**What you will do**. Exact copies of all the lines below are required, with the pictures omitted.

**Text-to-region grounding data**.
# # # #

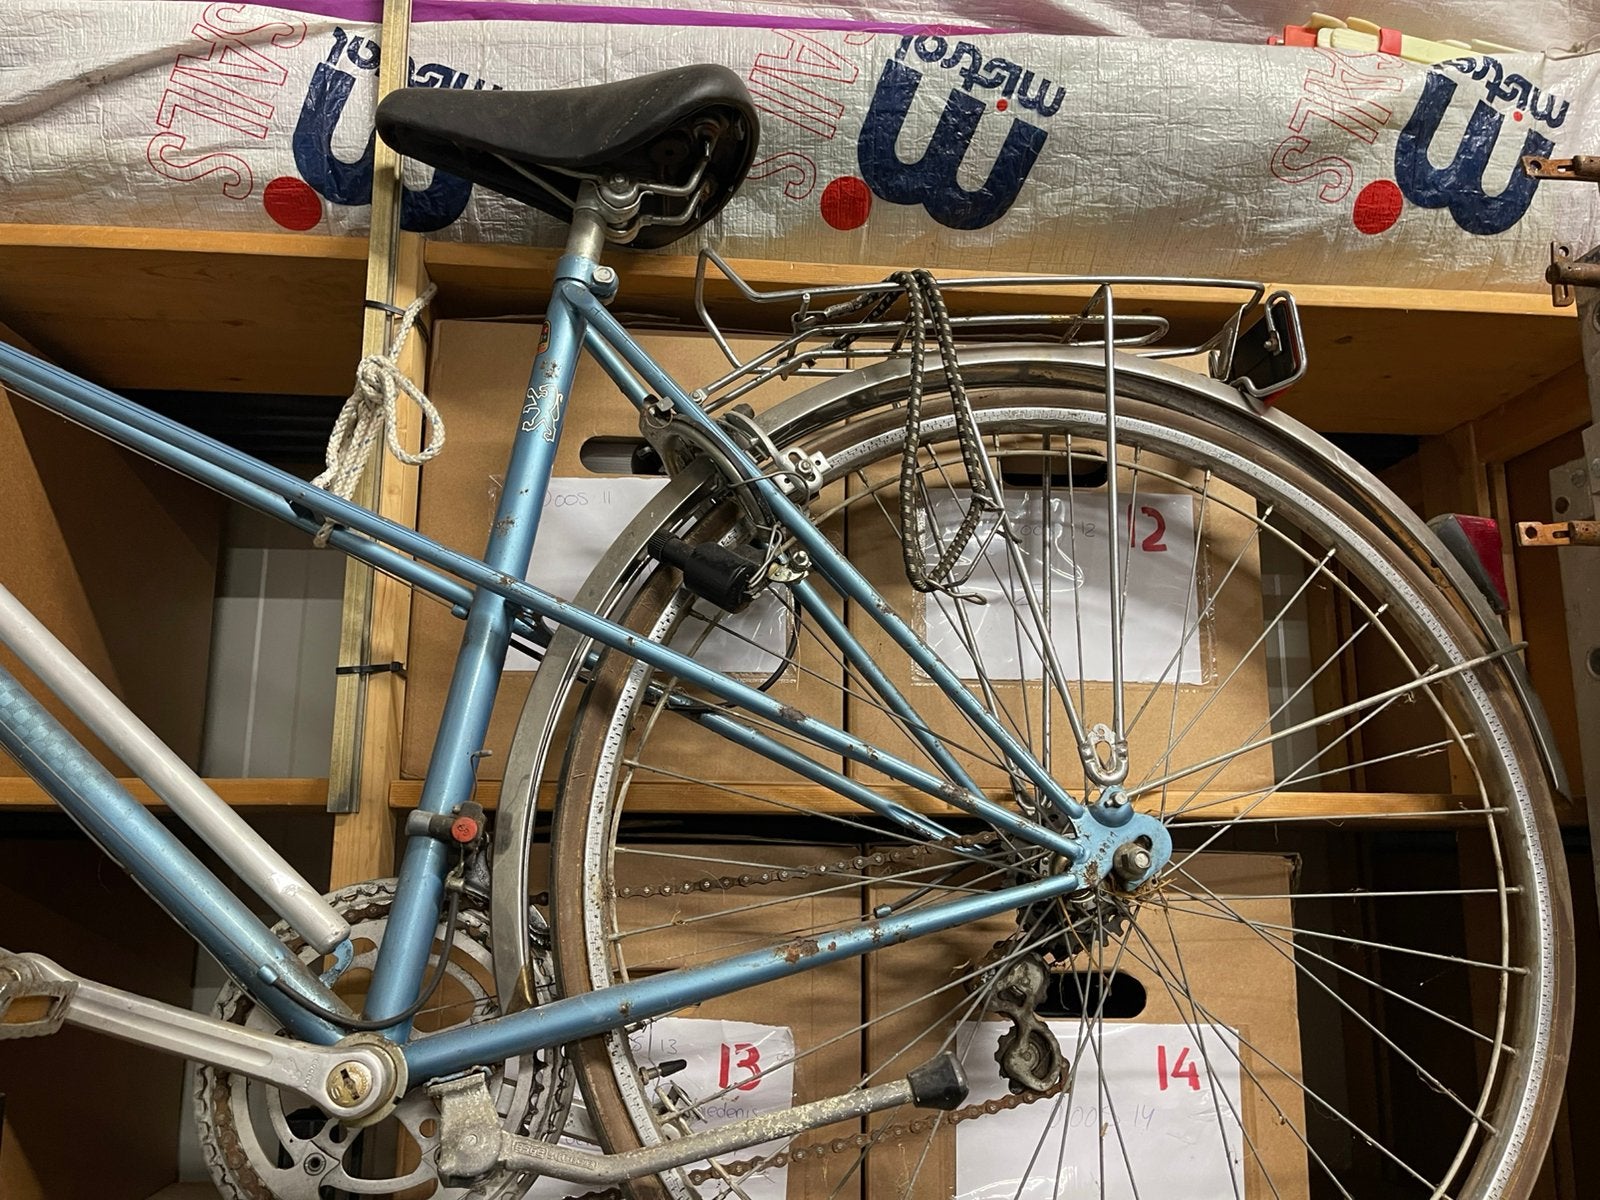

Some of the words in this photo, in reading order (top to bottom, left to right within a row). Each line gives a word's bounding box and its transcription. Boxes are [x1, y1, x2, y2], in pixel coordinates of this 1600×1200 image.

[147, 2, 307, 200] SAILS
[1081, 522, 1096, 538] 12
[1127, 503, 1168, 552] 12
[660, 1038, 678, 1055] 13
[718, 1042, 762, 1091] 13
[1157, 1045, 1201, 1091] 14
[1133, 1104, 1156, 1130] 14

# # # #

**Your solution**.
Some of the words in this photo, in reading order (top to bottom, left to right within a row). Each line gives a word's bounding box and its transcription. Boxes are [x1, y1, x2, y2], in pixel coordinates of this 1600×1200 image.

[147, 2, 307, 200] SAILS
[1081, 522, 1096, 538] 12
[1127, 503, 1168, 552] 12
[660, 1038, 678, 1055] 13
[718, 1042, 762, 1091] 13
[1157, 1045, 1201, 1091] 14
[1133, 1104, 1156, 1130] 14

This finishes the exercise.